--- Data section Enclosed Below ---

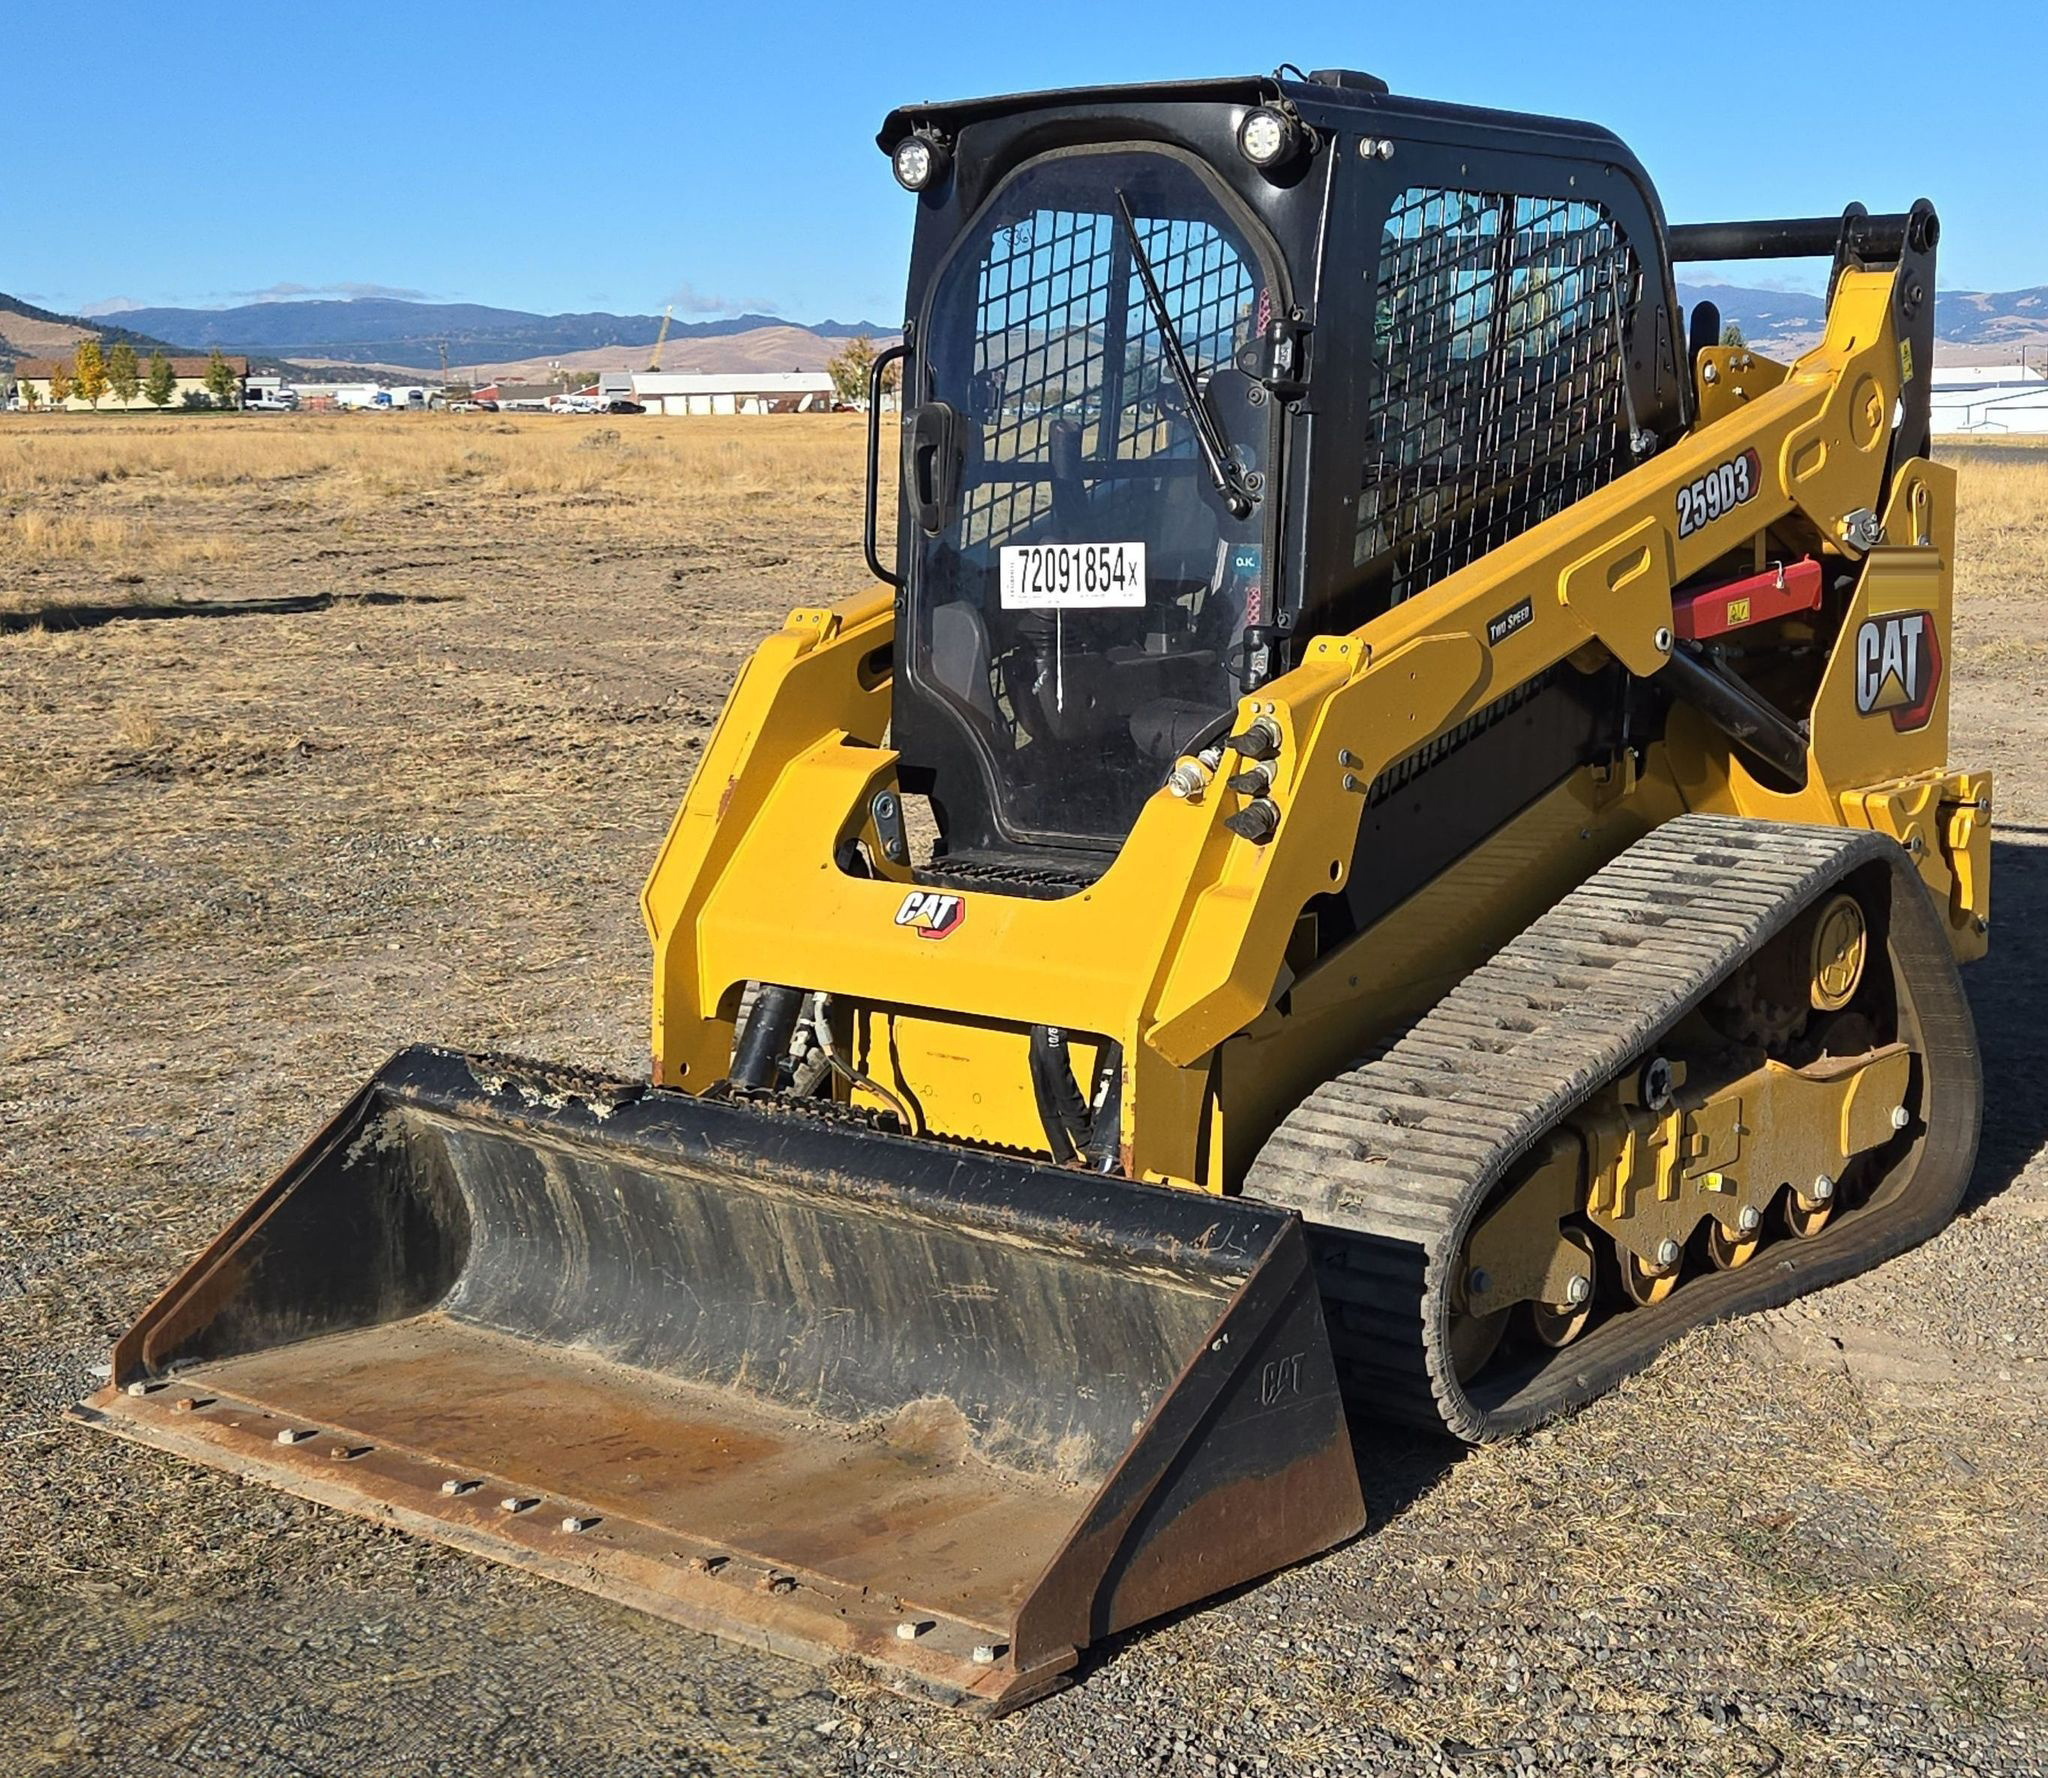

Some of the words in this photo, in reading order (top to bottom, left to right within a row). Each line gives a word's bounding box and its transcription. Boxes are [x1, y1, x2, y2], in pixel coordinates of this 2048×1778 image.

[1677, 455, 1750, 538] 259D3
[1857, 615, 1924, 712] CAT
[894, 891, 960, 929] CAT
[1262, 1352, 1305, 1406] CAT
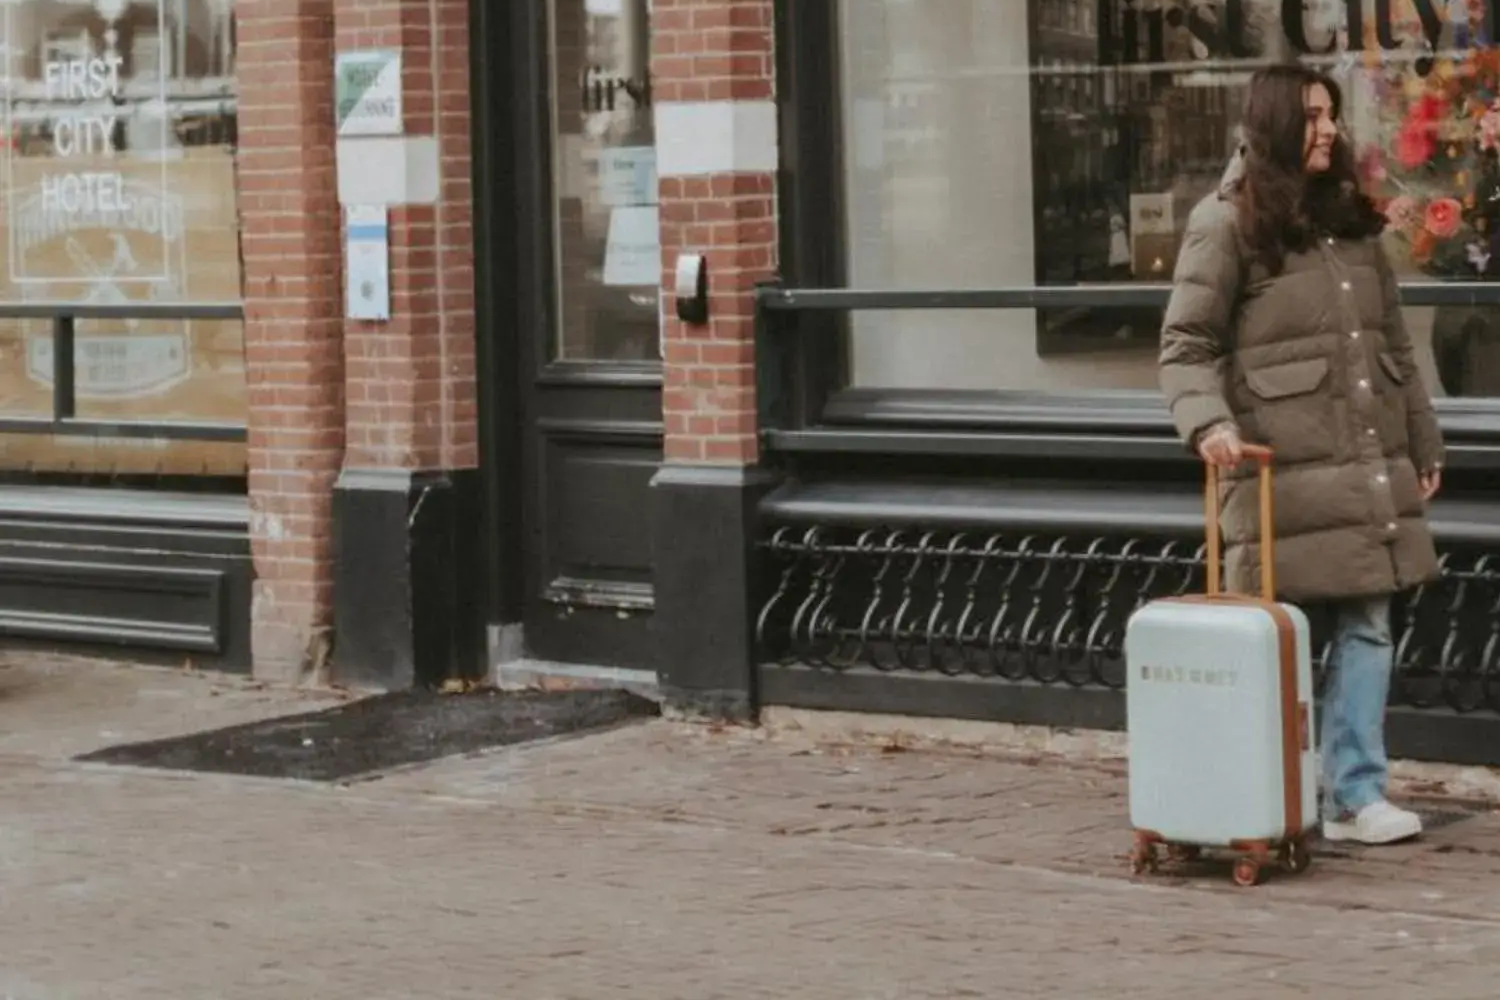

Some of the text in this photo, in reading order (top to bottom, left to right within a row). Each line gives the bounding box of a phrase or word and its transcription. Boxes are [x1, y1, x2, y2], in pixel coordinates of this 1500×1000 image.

[45, 55, 124, 99] FIRST
[54, 114, 117, 158] CITY
[41, 172, 132, 214] HOTEL
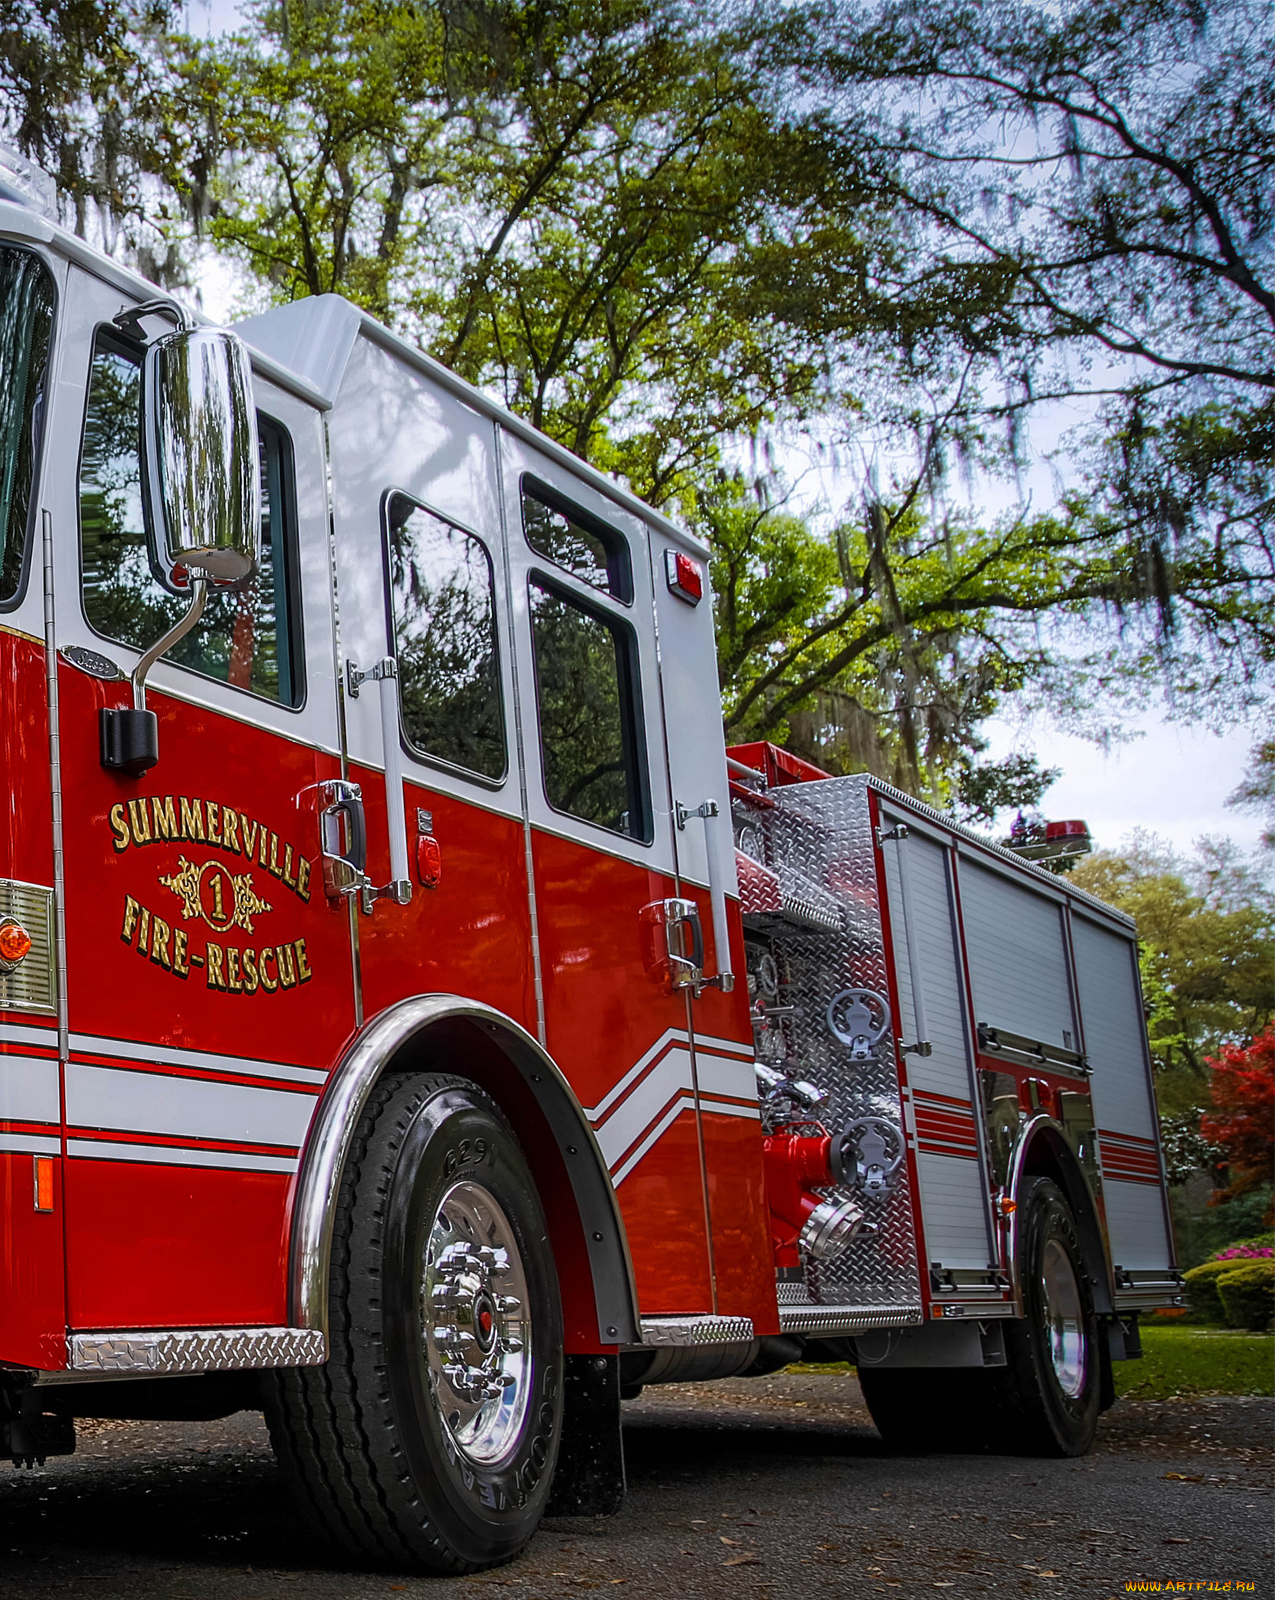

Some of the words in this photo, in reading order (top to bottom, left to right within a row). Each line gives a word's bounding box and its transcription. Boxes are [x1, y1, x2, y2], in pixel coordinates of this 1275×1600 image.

[109, 795, 311, 905] SUMMERVILLE
[208, 872, 228, 923] 1
[120, 893, 312, 996] FIRE-RESCUE
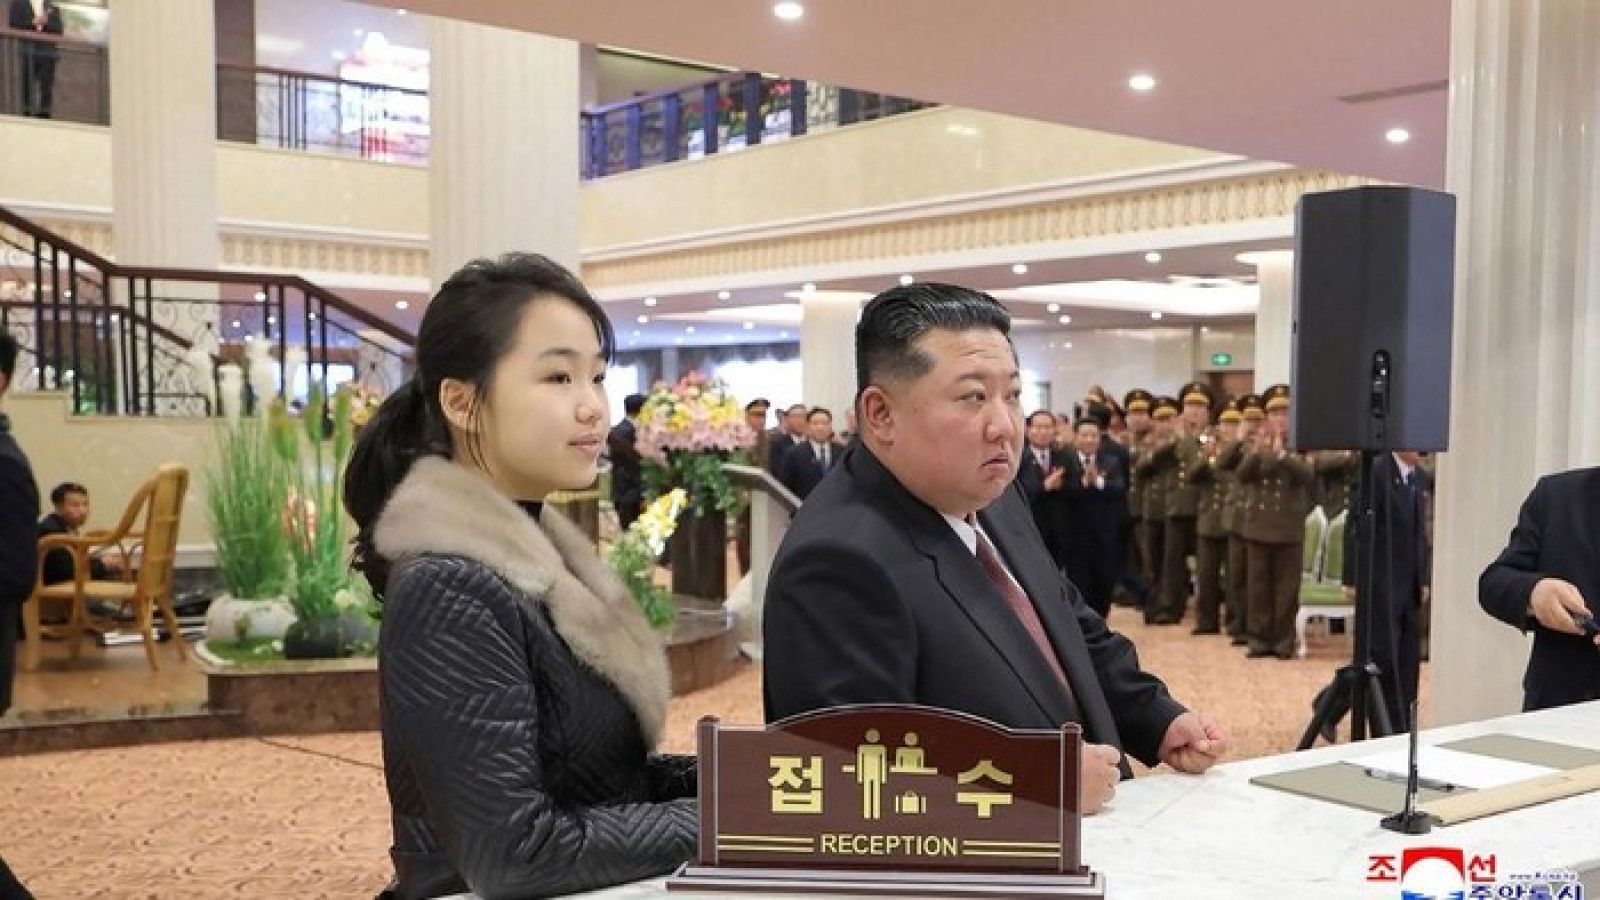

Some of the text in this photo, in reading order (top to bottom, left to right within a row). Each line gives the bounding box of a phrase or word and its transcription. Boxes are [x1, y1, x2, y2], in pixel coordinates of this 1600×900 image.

[768, 756, 1013, 819] 접 수
[820, 834, 958, 856] RECEPTION

--- End of Enclosed Data section ---

**Exercise details:** Exactly the lines from the one containing "this 1600×900 image." through the end of the records above should be returned, with both ends kept.

**Completed task:**
Some of the text in this photo, in reading order (top to bottom, left to right within a row). Each line gives the bounding box of a phrase or word and its transcription. Boxes are [x1, y1, x2, y2], in pixel coordinates of this 1600×900 image.

[768, 756, 1013, 819] 접 수
[820, 834, 958, 856] RECEPTION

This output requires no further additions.